Problem requirements:
Reproduce the entire listing exactly. Leave the pictures out.

+ + + +

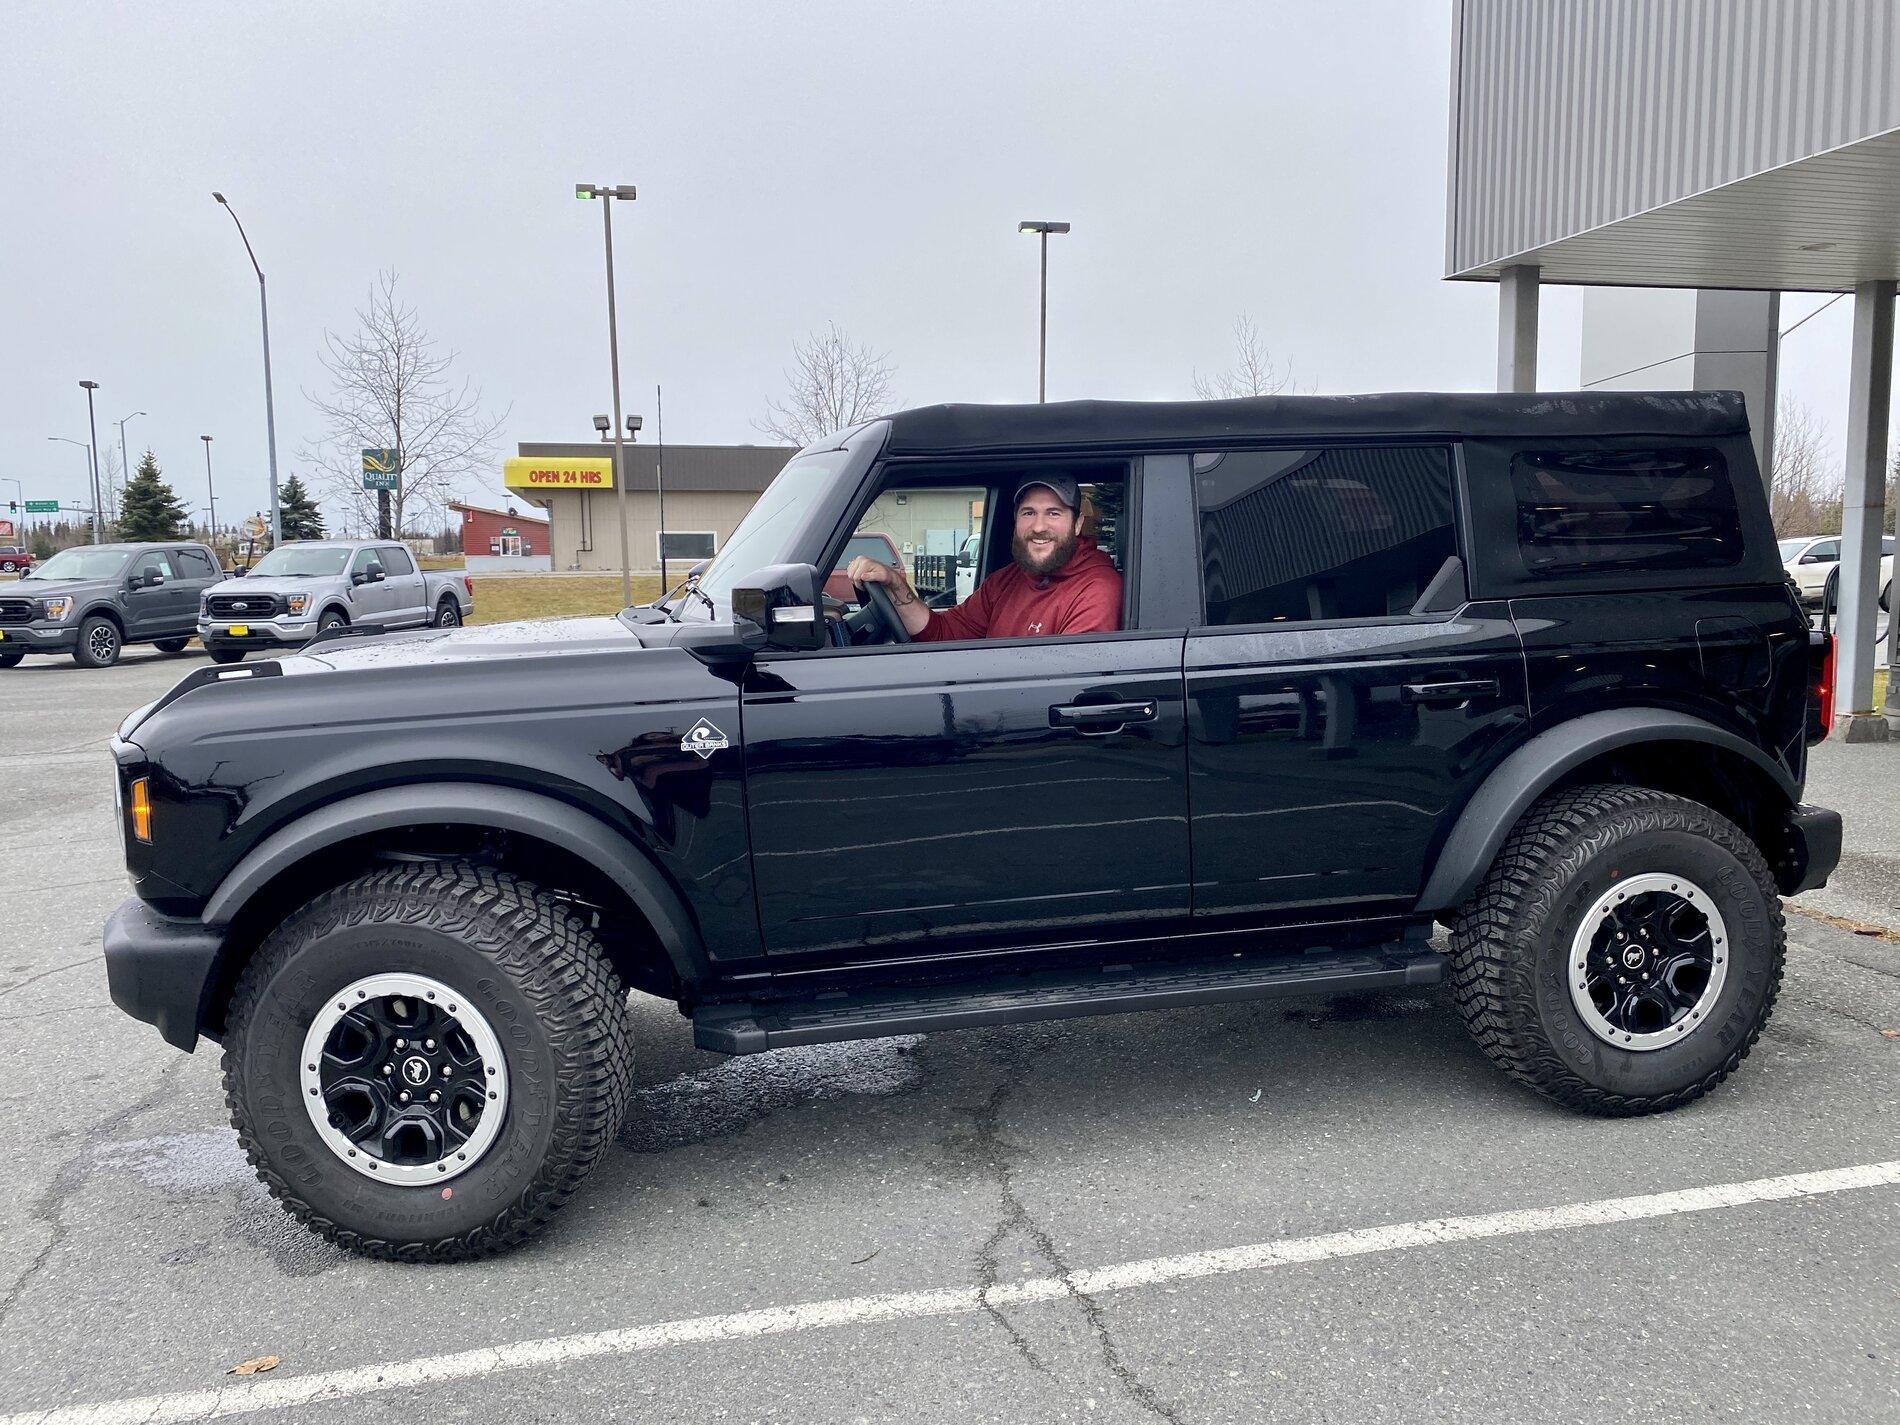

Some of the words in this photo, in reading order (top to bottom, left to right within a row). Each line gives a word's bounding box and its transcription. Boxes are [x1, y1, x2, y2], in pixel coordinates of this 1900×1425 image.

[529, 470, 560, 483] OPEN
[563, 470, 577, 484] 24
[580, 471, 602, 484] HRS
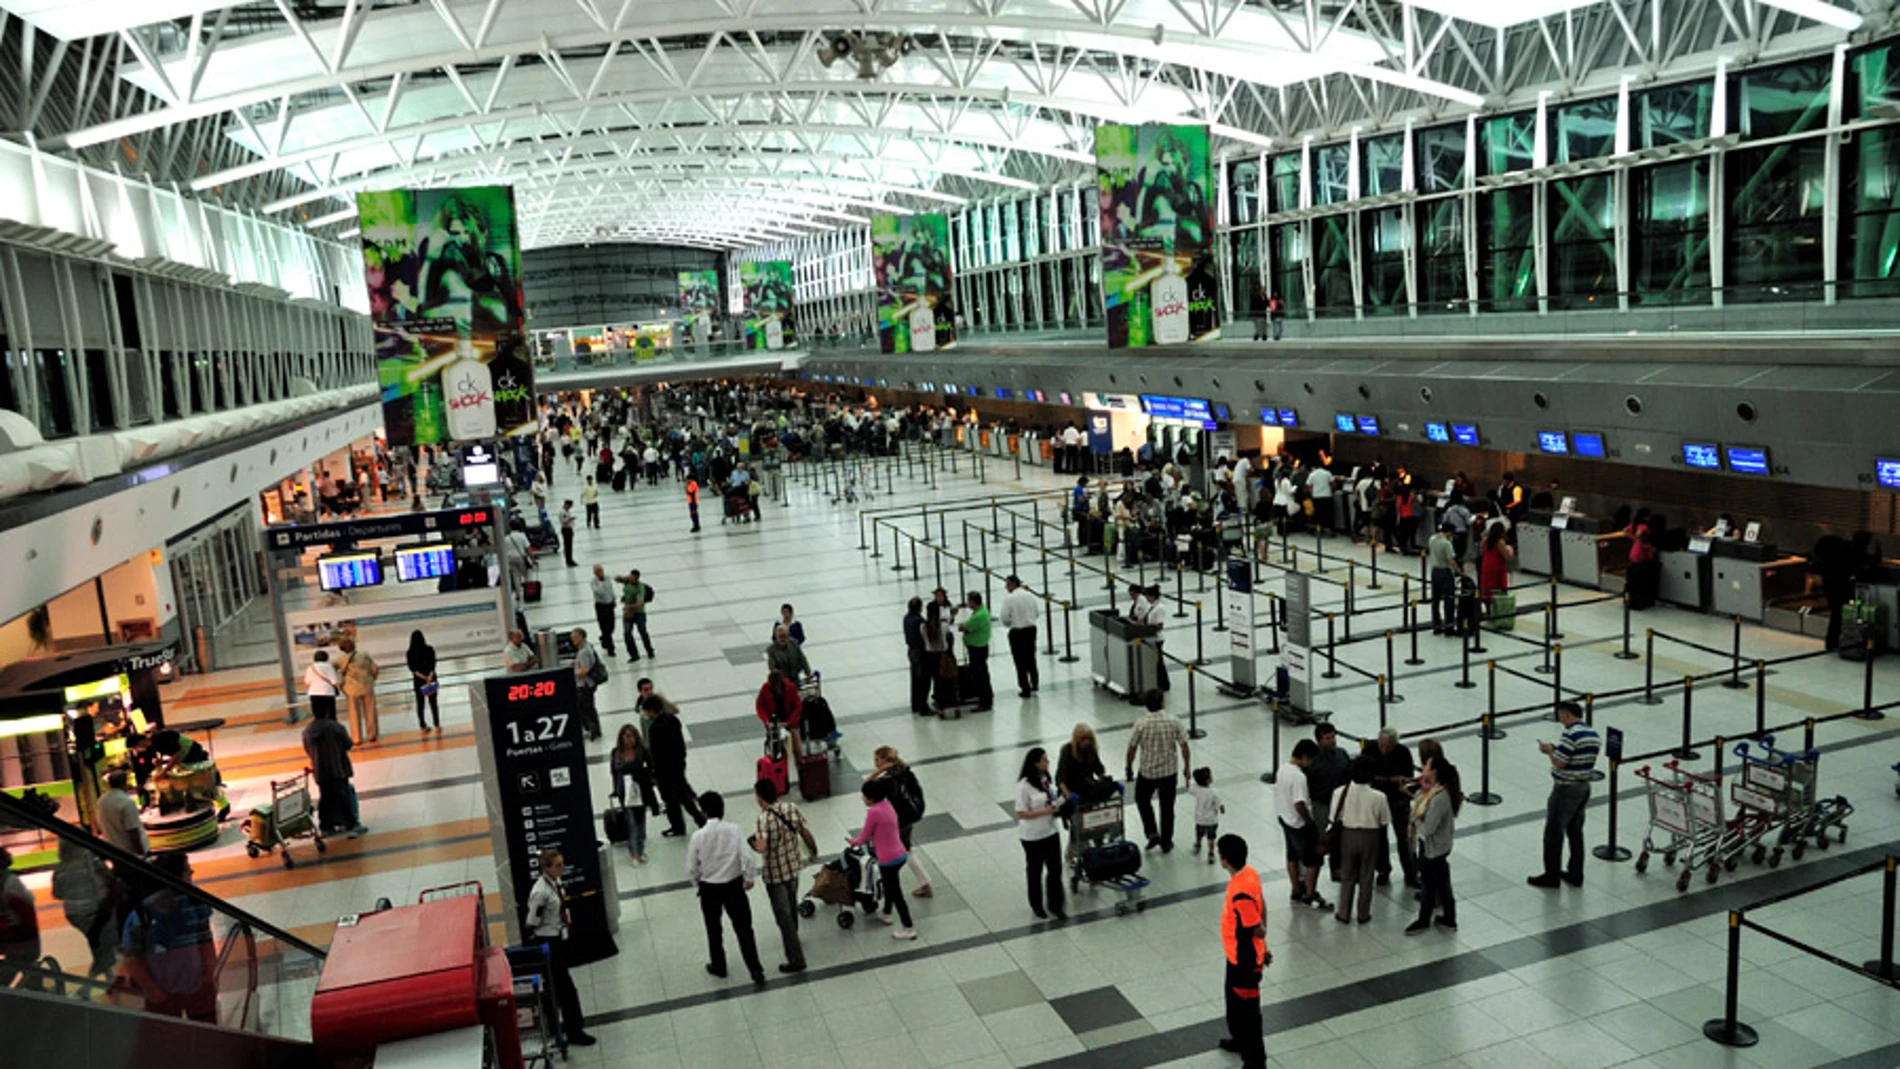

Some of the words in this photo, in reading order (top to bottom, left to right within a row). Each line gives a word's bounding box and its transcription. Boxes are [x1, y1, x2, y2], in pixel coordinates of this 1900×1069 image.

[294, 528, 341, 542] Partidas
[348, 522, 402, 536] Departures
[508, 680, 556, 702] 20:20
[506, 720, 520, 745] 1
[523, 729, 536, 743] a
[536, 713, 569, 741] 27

+ + + +

Answer to this exercise:
Some of the words in this photo, in reading order (top to bottom, left to right within a row). Each line gives a word's bounding box and its transcription. Boxes are [x1, y1, x2, y2], in pixel coordinates of this 1900×1425 image.

[529, 470, 560, 483] OPEN
[563, 470, 577, 484] 24
[580, 471, 602, 484] HRS

Some of the words in this photo, in reading order (top to bottom, left to right within a row). Each line gives a word's bounding box and its transcription. Boxes are [x1, y1, x2, y2], in pixel coordinates of this 1900×1069 image.

[294, 528, 341, 542] Partidas
[348, 522, 402, 536] Departures
[508, 680, 556, 702] 20:20
[506, 720, 520, 745] 1
[523, 729, 536, 743] a
[536, 713, 569, 741] 27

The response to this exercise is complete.